Problem requirements ▸ Below are records to be copied exactly; their pictures are to be omitted.

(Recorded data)
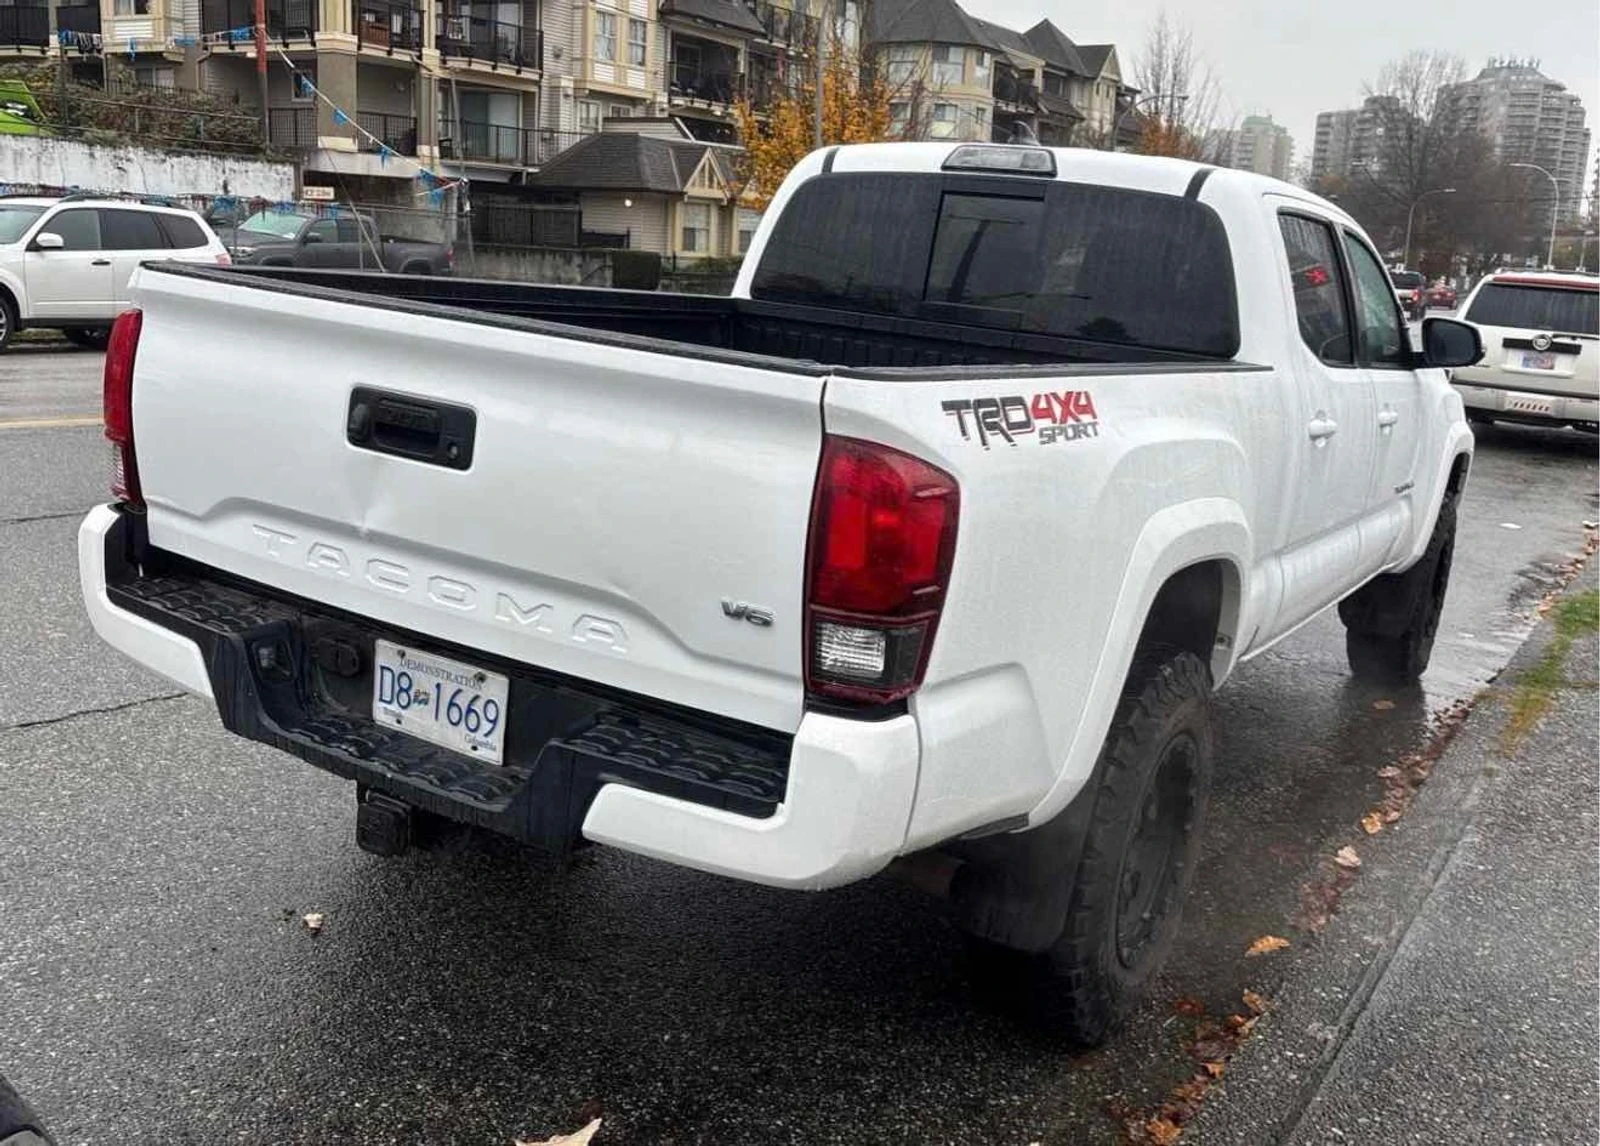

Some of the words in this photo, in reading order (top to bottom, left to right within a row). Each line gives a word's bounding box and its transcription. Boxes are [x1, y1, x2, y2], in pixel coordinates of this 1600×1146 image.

[941, 395, 1035, 450] TRD
[1030, 390, 1098, 425] 4X4
[1038, 421, 1100, 445] SPORT
[252, 523, 629, 654] TACOMA
[720, 600, 774, 628] V6
[434, 681, 500, 738] 1669
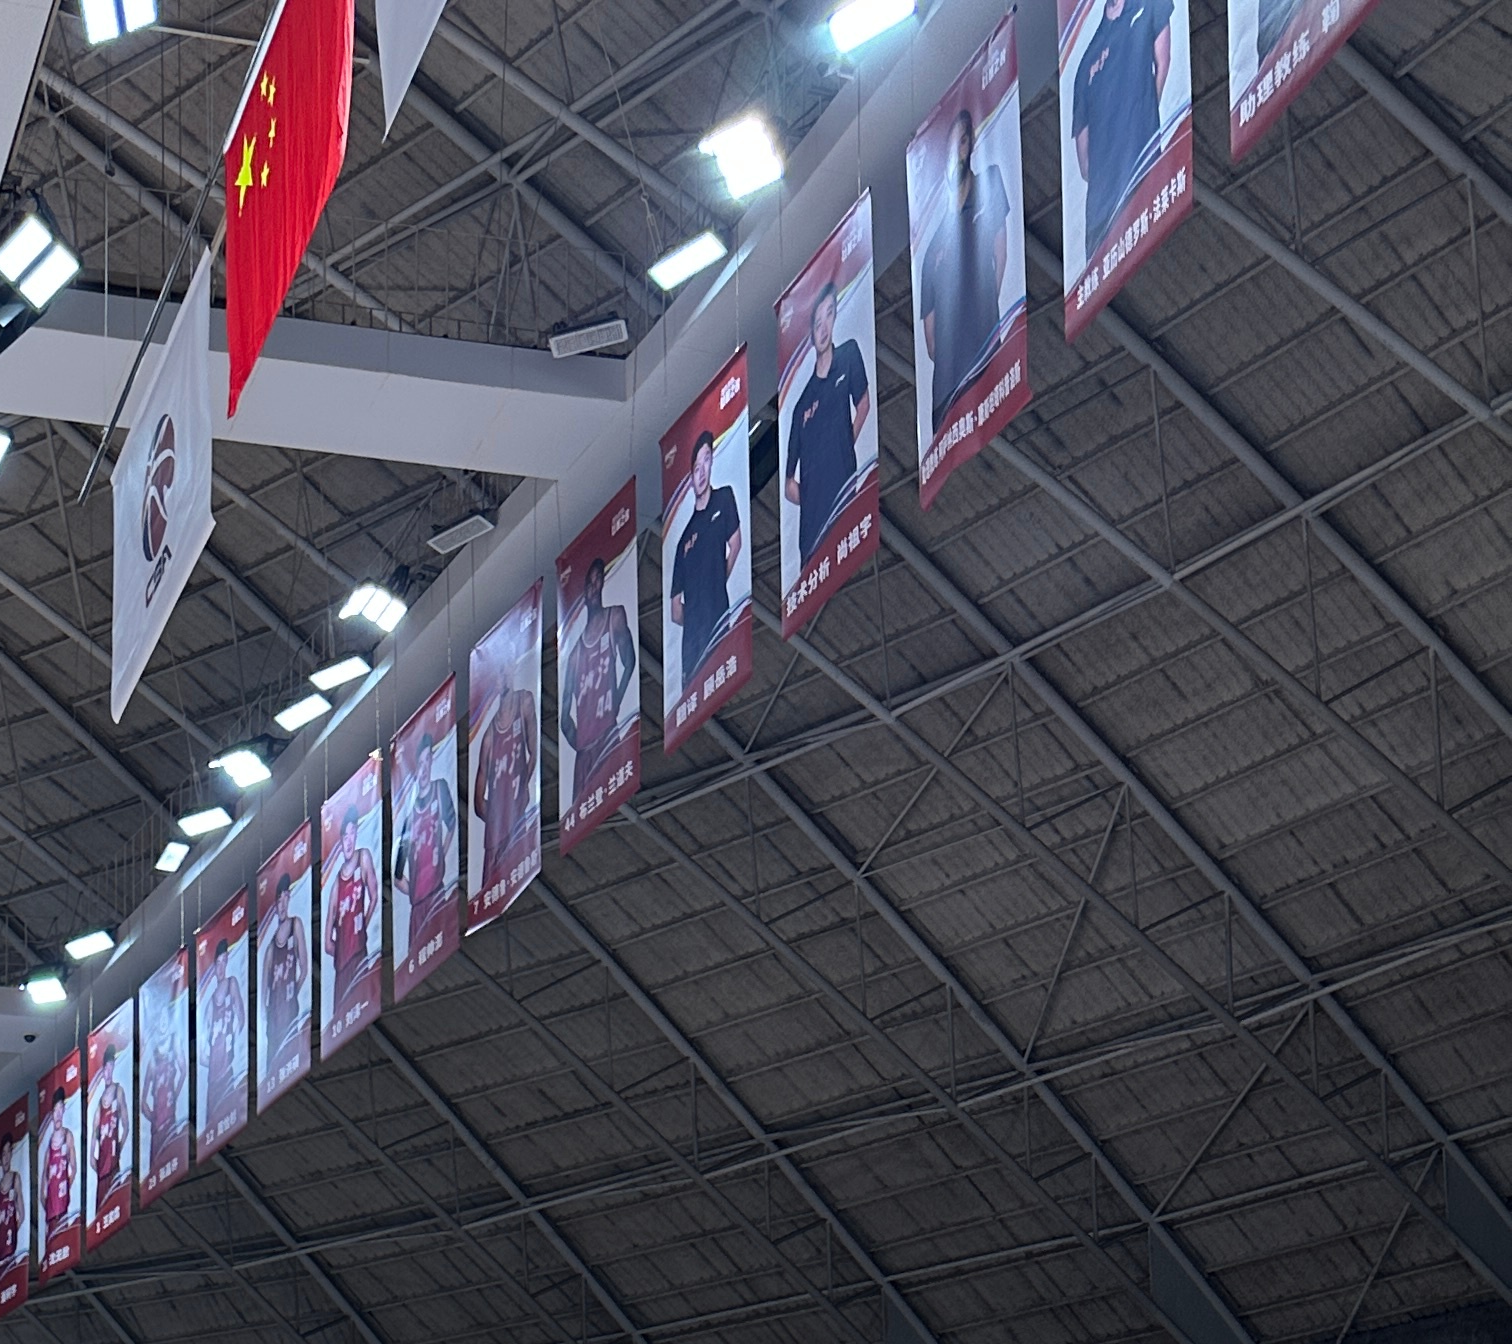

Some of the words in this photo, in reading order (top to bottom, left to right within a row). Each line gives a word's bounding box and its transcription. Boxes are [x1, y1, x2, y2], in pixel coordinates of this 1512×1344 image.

[1239, 28, 1310, 128] 助理教练
[145, 544, 173, 609] CBA
[786, 555, 832, 618] 技术分析
[596, 688, 613, 719] 44
[563, 812, 576, 833] 44

Answer for the task ▸
Some of the words in this photo, in reading order (top to bottom, left to right within a row). Each line gives a word's bounding box and its transcription. Boxes are [x1, y1, x2, y2], in pixel coordinates of this 1600×1146 image.

[941, 395, 1035, 450] TRD
[1030, 390, 1098, 425] 4X4
[1038, 421, 1100, 445] SPORT
[252, 523, 629, 654] TACOMA
[720, 600, 774, 628] V6
[434, 681, 500, 738] 1669

Some of the words in this photo, in reading order (top to bottom, left to right within a row). Each line gives a word's bounding box and its transcription. Boxes are [x1, y1, x2, y2], in pixel coordinates of this 1512×1344 image.

[1239, 28, 1310, 128] 助理教练
[145, 544, 173, 609] CBA
[786, 555, 832, 618] 技术分析
[596, 688, 613, 719] 44
[563, 812, 576, 833] 44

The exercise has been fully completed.